Tuesday, December 08, 2009

What the 'defence of the realm' really means

Last night’s screening by ITV of Inside MI5: The Real Spooks, could easily be dismissed on the grounds that: “Well, the secret intelligence agencies are hardly likely to tell the truth about themselves.” But in taking this approach you could throw the baby out with the bathwater.

Ever since “5”, as insiders call it, decided to allow historian Christopher Andrew to view its archives and to publish his book The Defence of the Realm: the authorised history of MI5, a few chinks of light have appeared which give glimpses – as in a mirror darkly - of how those paid to spy on us go about their tasks.

Sir Stephen Lander, MI5 director between 1996 and 2002, admitted that the security service has grown considerably since its formation, employing 3,800 people. Of course, MI5 is only one part of the spider-like network of secret agencies which cost the taxpayer around £1.6 billion per year. Lander was quick to dismiss the wildly successful TV series Spooks for portraying MI5 as six people and a chief.

There was a convenient focus on the distant past. But evidently the agencies are still haunted by the Cambridge group of spies which ran rings around British intelligence during World War II and the Cold War. Probably the worst fallout from this episode was that Blunt, Burgess, Maclean, Philby and Cairncross served their Soviet masters from conviction and not for personal gain.
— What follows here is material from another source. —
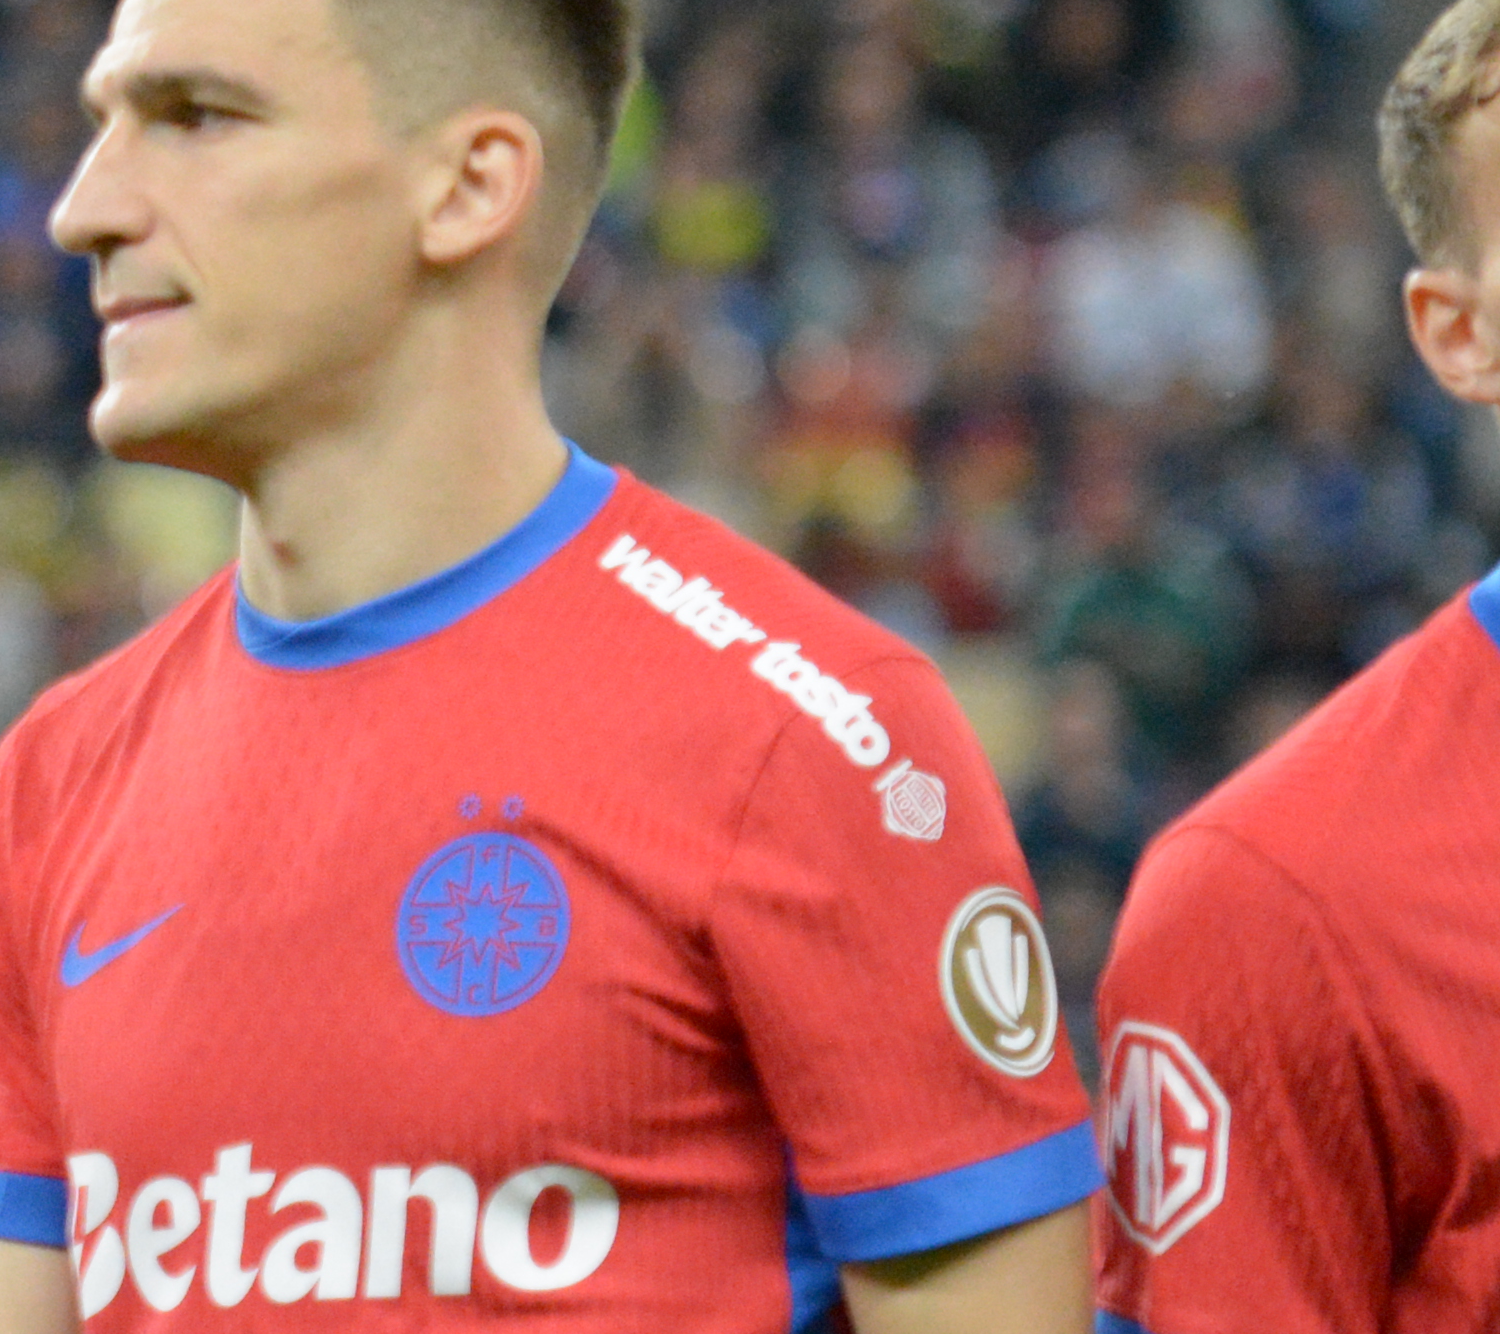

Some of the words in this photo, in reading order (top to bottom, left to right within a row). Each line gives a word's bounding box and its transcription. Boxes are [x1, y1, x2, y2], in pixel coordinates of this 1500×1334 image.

Lander claimed that he wanted to correct “a lot of unjust criticism” that MI5 had suffered. He and Andrew were insistent that accusations it had plotted against former Prime Minister Harold Wilson were untrue and painted Wilson as obsessively paranoid. Clearly the agency was shaken by the large body of evidence which has demonstrated that the Wilson Labour government was seriously destabilised by the intelligence agencies. Former MI5 officer, Peter Wright, whose book Spycatcher was banned by the Thatcher government, also came in for a lot of flack for writing about the plot against Wilson.

But when it came to MI5’s role in the execution of Provisional IRA members Danny McCann, Sean Savage and Mairéad Farrell in 1988 it was crystal clear that three unarmed people had been shot in cold blood with no warning. This shocking incident came to light through Death on the Rock, despite the Thatcher governments furious attempts to prevent it from being broadcast.
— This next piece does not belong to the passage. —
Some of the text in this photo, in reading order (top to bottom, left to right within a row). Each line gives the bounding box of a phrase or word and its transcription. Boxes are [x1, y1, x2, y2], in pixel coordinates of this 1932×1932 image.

MI5 involvement in the following, more recent events, didn’t rate a mention:

• surveillance of National Union of Mineworkers’ leader Arthur Scargill during the 1984-1985 miners’ strike (though the smearing of union leader Jack Jones as a Soviet agent featured prominently)
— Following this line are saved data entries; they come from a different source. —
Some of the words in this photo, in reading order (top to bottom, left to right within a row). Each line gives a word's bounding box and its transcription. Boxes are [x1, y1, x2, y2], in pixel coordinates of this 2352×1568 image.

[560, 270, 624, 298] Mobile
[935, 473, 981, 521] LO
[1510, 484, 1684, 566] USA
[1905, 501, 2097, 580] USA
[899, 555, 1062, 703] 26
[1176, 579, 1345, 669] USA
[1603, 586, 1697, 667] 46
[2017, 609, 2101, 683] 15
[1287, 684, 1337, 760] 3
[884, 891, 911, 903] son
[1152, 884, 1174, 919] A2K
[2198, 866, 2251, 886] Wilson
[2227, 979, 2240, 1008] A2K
• the 1984 case of MI5 officer Michael Bettany, who was convicted of acting as an agent for the Soviet Union. Bettany was sentenced to 23 years in jail of which he served 15

• the 1996 case of MI5 officer David Shayler, who accused MI6 of being involved in an assassination plot against Libyan leader Colonel Gaddafi and spent time in prison after being charged under the Official Secrets Act

• the operation of agents inside legal left-wing political organisations, the anti-war movement and ecological campaigns.

These issues remain too close and too sensitive for comfort. But far from ignoring the strange spectacle of these agencies becoming “transparent” we should keep on peering inside the weird world that they inhabit. Because as surely as night follows day, the “defence of the realm” amounts to the protection of the capitalist political and economic system by whatever means deemed necessary. As the economic, financial and ecological crises come together in a way that threatens the stability of capitalism, you can be sure that MI5 agents are hard at work on “solutions” that don’t have our wellbeing top of the agenda.